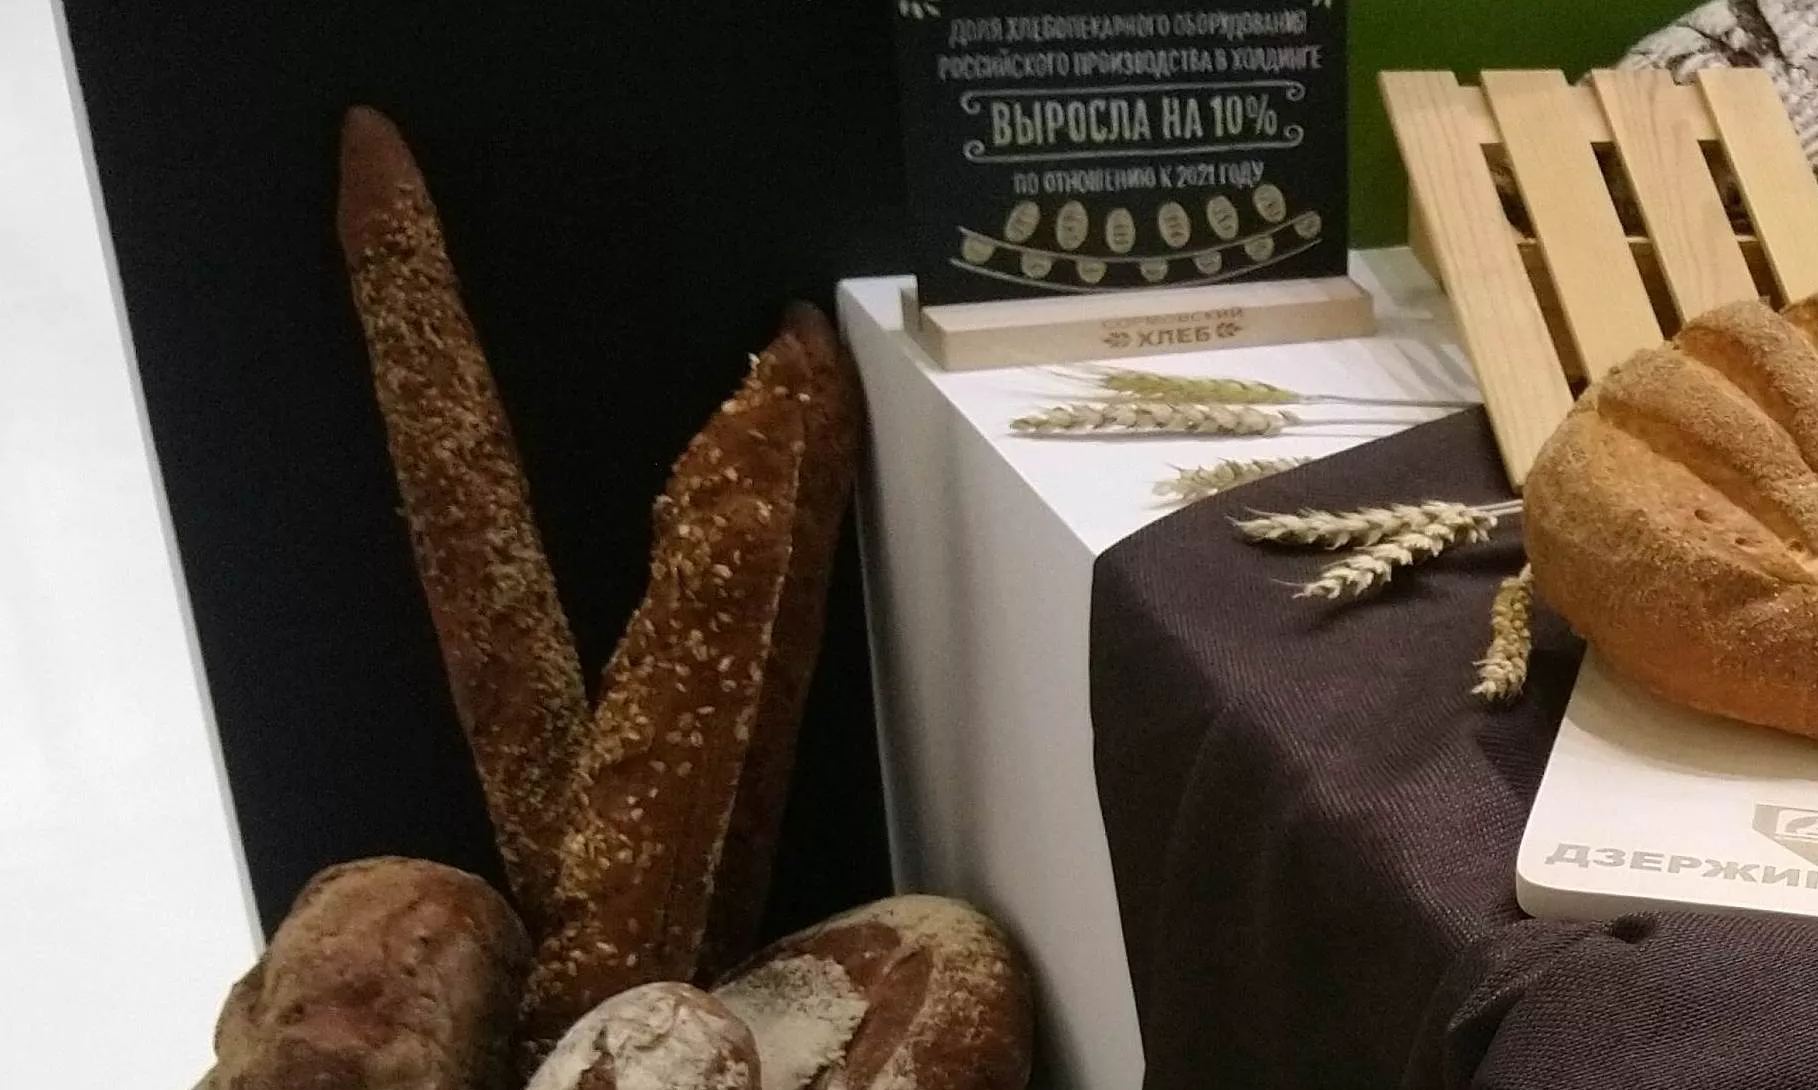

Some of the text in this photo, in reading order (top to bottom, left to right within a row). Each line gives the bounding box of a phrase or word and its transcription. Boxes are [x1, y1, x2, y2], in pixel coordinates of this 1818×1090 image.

[1005, 13, 1170, 42] ХЛЕБОПЕКАРНОГО
[937, 44, 1323, 80] РОССИЙСКОГО ПРОИЗВОДСТВА В ХОЛДИНГЕ
[991, 93, 1279, 146] ВЫРОСЛА НА 10%
[1013, 159, 1265, 196] ПО ОТНОШЕНИЮ К 2021 ГОДУ
[1136, 326, 1212, 348] ХЛЕБ
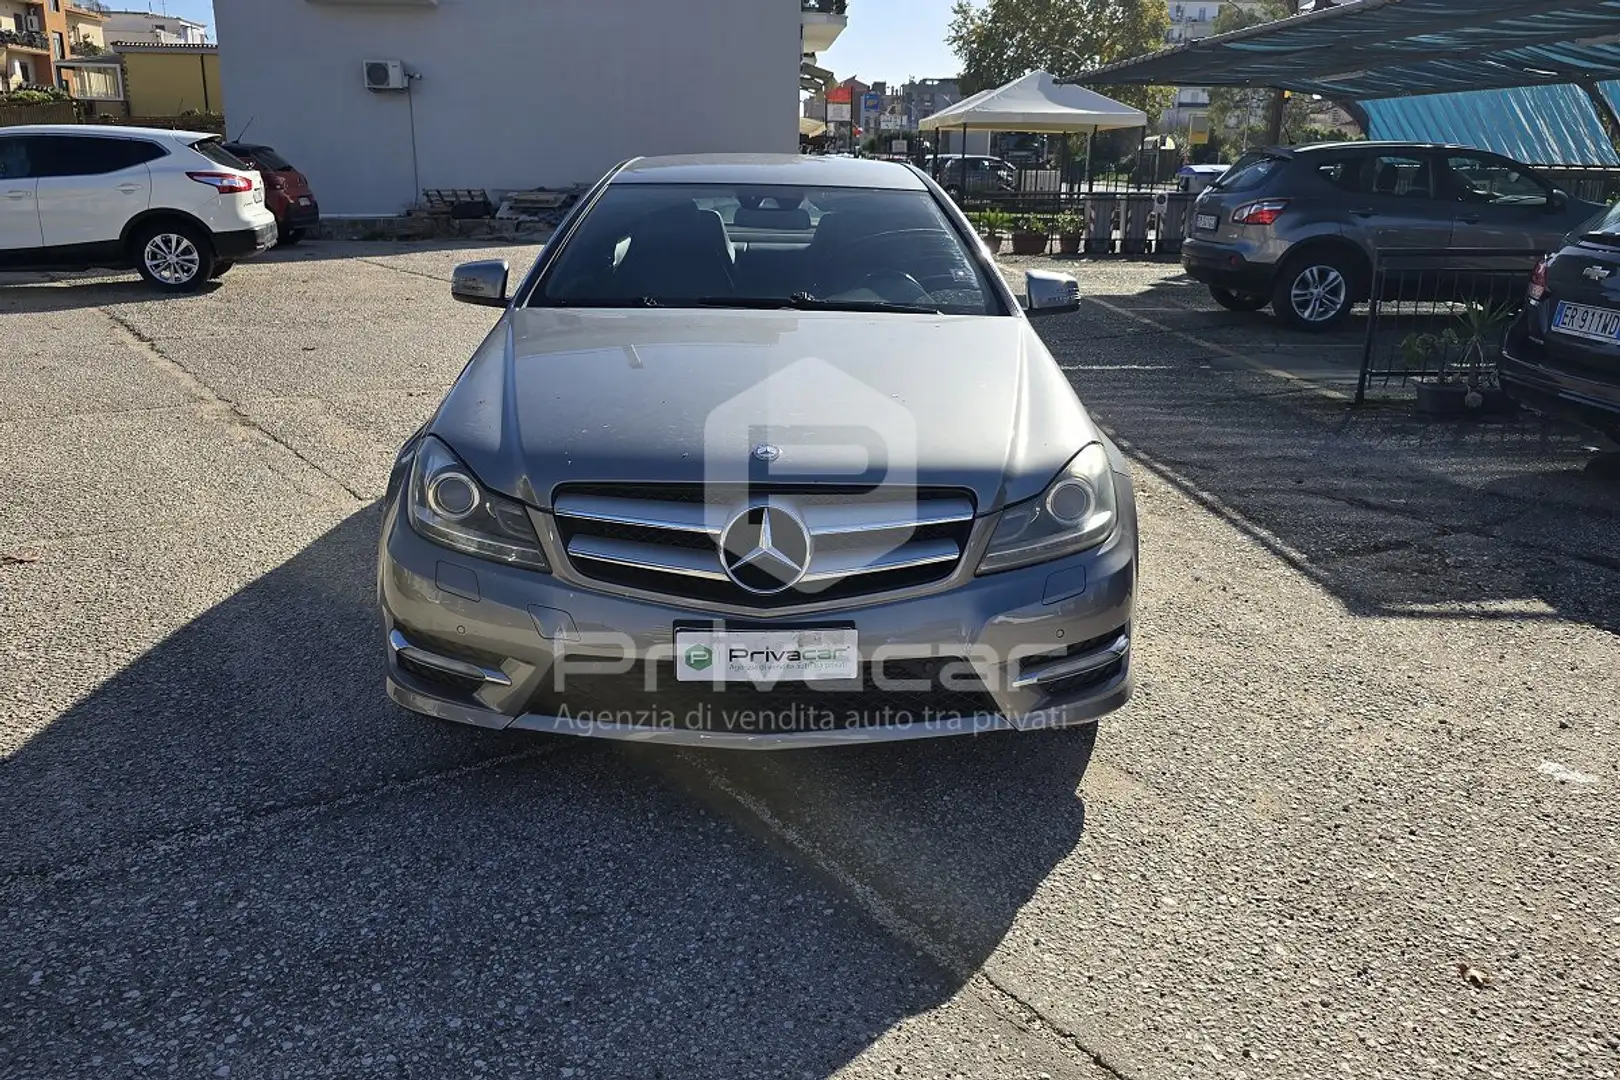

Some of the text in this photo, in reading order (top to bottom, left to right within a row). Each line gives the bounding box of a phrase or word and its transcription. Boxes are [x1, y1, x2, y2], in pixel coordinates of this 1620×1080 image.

[1561, 306, 1620, 335] ER 911WD
[729, 645, 848, 662] Privacar

────────────────────

Repeat the records in full, exactly as they appear, without the pictures.

• _Completed task_
Some of the text in this photo, in reading order (top to bottom, left to right within a row). Each line gives the bounding box of a phrase or word and its transcription. Boxes are [x1, y1, x2, y2], in pixel coordinates of this 1818×1090 image.

[1005, 13, 1170, 42] ХЛЕБОПЕКАРНОГО
[937, 44, 1323, 80] РОССИЙСКОГО ПРОИЗВОДСТВА В ХОЛДИНГЕ
[991, 93, 1279, 146] ВЫРОСЛА НА 10%
[1013, 159, 1265, 196] ПО ОТНОШЕНИЮ К 2021 ГОДУ
[1136, 326, 1212, 348] ХЛЕБ

Some of the text in this photo, in reading order (top to bottom, left to right within a row). Each line gives the bounding box of a phrase or word and its transcription. Boxes are [x1, y1, x2, y2], in pixel coordinates of this 1620×1080 image.

[1561, 306, 1620, 335] ER 911WD
[729, 645, 848, 662] Privacar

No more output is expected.